Mrs. Stott usually came to meet her son, and sometimes she would come
early in the afternoon and stand at the window watching him at his work;
but neither Challis nor Lewes ever saw the Wonder display by any sign
that he was aware of his mother's presence.
During those three weeks the Wonder held himself completely detached
from any intercourse with the world of men. At the end of that period he
once more manifested his awareness of the human factor in existence.
Challis, if he spoke little to Lewes of the Wonder during this time,
maintained a strict observation of the child's doings.
The Wonder began his last volume of the Encyclopaedia one Wednesday
afternoon soon after lunch, and on Thursday morning, Challis was
continually in and out of the room watching the child's progress, and
noting his nearness to the end of the colossal task he had undertaken.
At a quarter to twelve he took up his old position in the doorway, and
with his hands clasped behind his back he watched the reading of the
last forty pages.
There was no slackening and no quickening in the Wonder's rate of
progress.
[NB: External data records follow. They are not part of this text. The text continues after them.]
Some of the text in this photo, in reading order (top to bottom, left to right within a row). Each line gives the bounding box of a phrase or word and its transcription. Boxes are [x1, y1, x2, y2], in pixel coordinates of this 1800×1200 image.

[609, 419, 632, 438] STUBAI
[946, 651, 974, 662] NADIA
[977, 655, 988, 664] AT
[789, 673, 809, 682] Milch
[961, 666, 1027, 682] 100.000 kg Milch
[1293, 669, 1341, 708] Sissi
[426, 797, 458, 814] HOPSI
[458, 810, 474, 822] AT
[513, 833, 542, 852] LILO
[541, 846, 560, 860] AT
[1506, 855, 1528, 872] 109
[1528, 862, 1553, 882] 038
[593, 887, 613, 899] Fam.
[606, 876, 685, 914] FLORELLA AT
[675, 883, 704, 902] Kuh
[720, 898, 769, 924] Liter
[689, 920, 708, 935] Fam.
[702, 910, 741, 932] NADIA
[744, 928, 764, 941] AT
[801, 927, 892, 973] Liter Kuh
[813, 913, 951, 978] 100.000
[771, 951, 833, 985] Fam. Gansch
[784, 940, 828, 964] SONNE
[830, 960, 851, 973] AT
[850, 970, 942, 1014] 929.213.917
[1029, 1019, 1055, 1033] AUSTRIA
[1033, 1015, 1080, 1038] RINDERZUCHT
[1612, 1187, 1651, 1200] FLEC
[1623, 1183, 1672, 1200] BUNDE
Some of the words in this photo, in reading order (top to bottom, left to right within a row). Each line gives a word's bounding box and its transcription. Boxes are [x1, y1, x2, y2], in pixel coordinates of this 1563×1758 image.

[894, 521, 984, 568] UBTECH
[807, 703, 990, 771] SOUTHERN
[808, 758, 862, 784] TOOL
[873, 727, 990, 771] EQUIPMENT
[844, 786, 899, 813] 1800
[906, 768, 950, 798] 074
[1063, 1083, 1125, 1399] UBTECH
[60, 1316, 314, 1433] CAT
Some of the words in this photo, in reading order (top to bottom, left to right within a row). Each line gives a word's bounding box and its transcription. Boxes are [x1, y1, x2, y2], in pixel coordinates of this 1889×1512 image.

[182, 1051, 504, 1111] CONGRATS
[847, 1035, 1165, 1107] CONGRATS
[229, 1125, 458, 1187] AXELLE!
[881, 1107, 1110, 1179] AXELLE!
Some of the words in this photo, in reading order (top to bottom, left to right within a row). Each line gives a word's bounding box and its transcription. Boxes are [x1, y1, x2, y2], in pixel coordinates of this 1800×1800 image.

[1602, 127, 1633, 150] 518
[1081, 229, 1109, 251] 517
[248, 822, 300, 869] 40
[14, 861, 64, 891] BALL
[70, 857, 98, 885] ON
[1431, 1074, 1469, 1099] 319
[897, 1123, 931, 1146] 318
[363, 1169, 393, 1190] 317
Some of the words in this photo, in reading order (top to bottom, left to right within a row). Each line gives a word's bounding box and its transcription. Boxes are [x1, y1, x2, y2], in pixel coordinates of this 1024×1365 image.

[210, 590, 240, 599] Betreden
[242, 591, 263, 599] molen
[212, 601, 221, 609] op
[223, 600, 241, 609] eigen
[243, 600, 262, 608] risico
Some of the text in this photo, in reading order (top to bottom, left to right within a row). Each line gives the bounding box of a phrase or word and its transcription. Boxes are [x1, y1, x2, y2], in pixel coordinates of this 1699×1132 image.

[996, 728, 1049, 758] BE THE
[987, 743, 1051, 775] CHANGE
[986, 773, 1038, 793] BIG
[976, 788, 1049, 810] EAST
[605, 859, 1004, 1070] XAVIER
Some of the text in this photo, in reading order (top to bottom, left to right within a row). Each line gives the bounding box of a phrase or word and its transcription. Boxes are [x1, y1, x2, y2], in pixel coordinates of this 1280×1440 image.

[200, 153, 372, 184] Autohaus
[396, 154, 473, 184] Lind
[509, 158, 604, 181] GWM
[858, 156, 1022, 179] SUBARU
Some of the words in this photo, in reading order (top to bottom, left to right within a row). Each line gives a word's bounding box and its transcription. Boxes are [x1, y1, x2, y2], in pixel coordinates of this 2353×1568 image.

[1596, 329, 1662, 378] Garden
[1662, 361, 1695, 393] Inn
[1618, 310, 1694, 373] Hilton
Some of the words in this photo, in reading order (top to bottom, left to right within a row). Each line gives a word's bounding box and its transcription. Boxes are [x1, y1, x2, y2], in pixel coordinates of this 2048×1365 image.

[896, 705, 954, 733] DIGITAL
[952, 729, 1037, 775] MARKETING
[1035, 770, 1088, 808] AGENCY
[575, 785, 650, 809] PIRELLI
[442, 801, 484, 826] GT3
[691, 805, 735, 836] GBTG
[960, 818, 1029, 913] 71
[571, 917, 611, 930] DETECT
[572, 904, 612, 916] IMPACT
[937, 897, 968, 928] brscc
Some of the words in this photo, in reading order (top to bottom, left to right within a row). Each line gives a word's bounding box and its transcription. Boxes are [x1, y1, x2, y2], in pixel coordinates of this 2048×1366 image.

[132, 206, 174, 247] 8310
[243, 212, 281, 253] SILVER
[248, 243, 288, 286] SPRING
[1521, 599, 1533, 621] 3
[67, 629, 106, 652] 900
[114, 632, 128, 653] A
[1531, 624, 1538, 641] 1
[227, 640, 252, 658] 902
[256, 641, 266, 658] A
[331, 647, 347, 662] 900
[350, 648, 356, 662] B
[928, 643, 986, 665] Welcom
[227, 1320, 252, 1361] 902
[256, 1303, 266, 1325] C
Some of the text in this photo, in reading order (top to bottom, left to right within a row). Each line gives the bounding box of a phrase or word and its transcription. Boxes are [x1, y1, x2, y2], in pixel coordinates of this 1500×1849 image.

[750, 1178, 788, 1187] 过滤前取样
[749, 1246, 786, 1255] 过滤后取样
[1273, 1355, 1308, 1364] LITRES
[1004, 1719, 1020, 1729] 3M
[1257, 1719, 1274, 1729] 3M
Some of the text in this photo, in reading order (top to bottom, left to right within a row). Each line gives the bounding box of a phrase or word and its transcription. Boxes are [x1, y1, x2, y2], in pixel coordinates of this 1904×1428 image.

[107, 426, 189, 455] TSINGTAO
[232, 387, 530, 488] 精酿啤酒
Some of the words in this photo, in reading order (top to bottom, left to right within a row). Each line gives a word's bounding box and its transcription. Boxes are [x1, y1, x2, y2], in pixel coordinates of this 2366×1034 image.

He read the articles under "Z" with the same attention he had
given to the remainder of the work, and then, arrived at the last page,
he closed the volume and took up the Index.
Challis suffered a qualm; not so much on account of the possible
postponement of the crisis he was awaiting, as because he saw that the
reading of the Index could only be taken as a sign that the whole study
had been unintelligent. No one could conceivably have any purpose in
reading through an index.
And at this moment Lewes joined him in the doorway.
"What volume has he got to now?" asked Lewes.
"The Index," returned Challis.
Lewes was no less quick in drawing his inference than Challis had been.
"Well, that settles it, I should think," was Lewes's comment.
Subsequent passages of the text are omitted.